Episodic Memory of Weizmann HOF snippets

This page describes a 2-level (non-hierarchical) version of Sparsey that is able to learn detailed episodic memory traces of all 90 Weizmann snippets that have been preprocessed using dense-grid HOF filtering (applied within a bouding box (BB) around the human actor).  Episodic memory is memory for the detailed (spatiotemporal) pattern of features comprising individual instances, which contrasts with semantic memory, which is memory for statistical regularities (class structure) of the whole training set.  The video below shows our dense grid (8x8) of HOF centers superimposed on the actor for one of the 90 Weizmann snippets (ido_bend.avi).

The video below shows the 7-frame HOF features vector produced from the data within the BB in the above 13-frame video (which was produced from an original 65-frame Weizmann snippet).  The HOF frames are 24x120 and correspond to an array of 8x8 3x15 HOF grids.  Each of these 3x15 grids is a 3x3 array of 5-element histograms, where the 5 binary elements represent either no motion, or presence/absence of motion in four canonical directions, NE, SE, SW, and NW.  The motion values are computed from a window of successive frames of the original video (in the region corresponding to histogram in question).

Below, we see the Sparsey model (with ~2.5 million binary wts) being reactivated during a test presentation of the above HOF vector sequence, which was presented once during learning (as were all the other 89 HOF sequences, i.e., single-trial learning). There are many things to note in this video. At the most summary level, note that the model has assigned a sequence of 7 sparse codes, which are chained together via Hebbian learning (green "horizontal" (H) weights). Each sparse code occurs in one of the 20 macrocolumns (macs) (a mac can be active twice (or more) times in a row, though that doesn't occur in this example). Each code (set of colored cells in the mac [black: correct, red: incorrectly active, green: incorrectly inactive]), is chosen as a function of the simultaneous input via the H-wts and the bottom-up (U) information from the active input "pixels" (blue wts), i.e., as a function of a spatiotemporal similarity computation.

The supervised learning is accomplished by increasing the weights from the last code active in the sequence onto a field of class nodes (not seen in this figure).

RESULT: We presented 90 snippets, totalling several hundred frames, once each, resulting in 90 spatiotemporal sparse distributed code (SDC) memory traces like the one shown. Training time is ~25 seconds, BUT there is likely at least 10x-100x speedup possible with standard code optimization and much more speedup possible by finding better input features...AND, this is all without even talking about any type of machine parallelism.  We verified that the traces are recapitulated almost perfectly in all cases and that the correct class is output ~98% of the time.

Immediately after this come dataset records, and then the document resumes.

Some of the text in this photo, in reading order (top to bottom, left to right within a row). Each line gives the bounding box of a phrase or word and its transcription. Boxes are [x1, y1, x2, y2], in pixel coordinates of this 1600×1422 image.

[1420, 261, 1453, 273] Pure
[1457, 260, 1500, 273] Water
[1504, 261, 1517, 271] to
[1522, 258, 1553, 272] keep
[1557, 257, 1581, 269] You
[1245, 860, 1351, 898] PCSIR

Note that while the model has 2.5 million wts (U and H wts combined), relatively small percentages of the wts afferent to most internal units (of which there are 20 x 5 x 7 = 700) are actually increased during learning, e.g., ~2-5%. This suggests that this particular model could probably store a great deal more such input sequences while still being able to recognize (or recall, though we haven't implemented that recall testing yet) them all with high accuracy.

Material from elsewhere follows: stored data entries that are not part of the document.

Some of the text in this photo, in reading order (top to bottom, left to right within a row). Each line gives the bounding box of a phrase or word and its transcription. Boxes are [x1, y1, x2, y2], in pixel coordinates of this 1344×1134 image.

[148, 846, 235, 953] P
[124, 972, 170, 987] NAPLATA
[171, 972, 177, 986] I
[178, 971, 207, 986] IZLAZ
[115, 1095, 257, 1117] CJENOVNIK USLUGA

However, specifically because of this particular model's non-hierarchality and parameter settings optimized for episodic memory, it does not generalize well, i.e., it does not exhibit proper semantic memory. Consequently, we do not show that it can do well on the standard Weizmann benchmark classification task, i.e., train on a subset of the 90 snippets, and test on the others.

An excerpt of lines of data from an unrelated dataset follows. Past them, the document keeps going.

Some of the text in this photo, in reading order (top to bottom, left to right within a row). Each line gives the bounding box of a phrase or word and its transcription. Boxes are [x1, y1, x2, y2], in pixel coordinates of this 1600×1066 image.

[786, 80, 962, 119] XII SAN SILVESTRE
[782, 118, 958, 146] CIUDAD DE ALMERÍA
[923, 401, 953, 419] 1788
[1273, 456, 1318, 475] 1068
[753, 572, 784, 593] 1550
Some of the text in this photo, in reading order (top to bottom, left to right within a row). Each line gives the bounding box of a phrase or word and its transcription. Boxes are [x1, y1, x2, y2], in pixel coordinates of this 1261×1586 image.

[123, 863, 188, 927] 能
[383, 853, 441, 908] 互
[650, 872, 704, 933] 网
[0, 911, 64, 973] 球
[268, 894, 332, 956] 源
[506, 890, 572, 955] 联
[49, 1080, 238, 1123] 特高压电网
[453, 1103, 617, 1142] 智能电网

We are working towards that goal now.  Specifically, we are experimenting with deep hierarchical models (examples of which can be seen throughout this web site).  The overall concept of operations is that macs at higher levels come to represent (embed) higher-level statistical structure (a.k.a., invariances) of the input space, which can then support classification.  In parallel with this, we are investigating alternative pre-processing, i.e., input features, that make the classifications easier to learn.  In particular, our dense-grid HOF input sequences seem to have as much intra-class variation as inter-class, which makes classification quite hard. I believe that if we spend even a modest effort at finding/creating better featural representations of these snippets, even this 2-layer model could get high classification scores on the standard benchmark task.

However, as many in the pattern recognition and machine intelligence fields know, it is easy to spend huge amounts of time and money, engineering the features to yield state-of-art (SOA) performance on this or that task.  Ultimately, the brain receives quite primitive signals from the sensory organs and discovers for itself (perhaps with some relatively small amount of supervision) all higher-order features.  This includes features of the sort that most SOA models have used as their input, e.g., SIFT, HOG, HOF.  But I don't see any fundamental distinction between features such as these and arbitrarily more complex (and nonlinear) features, or in other words, any higher-level concept/class, e.g., the concept of a meal, or of a house, of driving a car, or of being a doctor, etc.  All concepts can also be viewed as features of still higher-level concepts.  My primary goal has always been to discover the core algorithm by which the brain automatically discovers (extremely quickly) concepts of any scale and therefore I have personally spent almost no time/energy on feature engineering/optimization.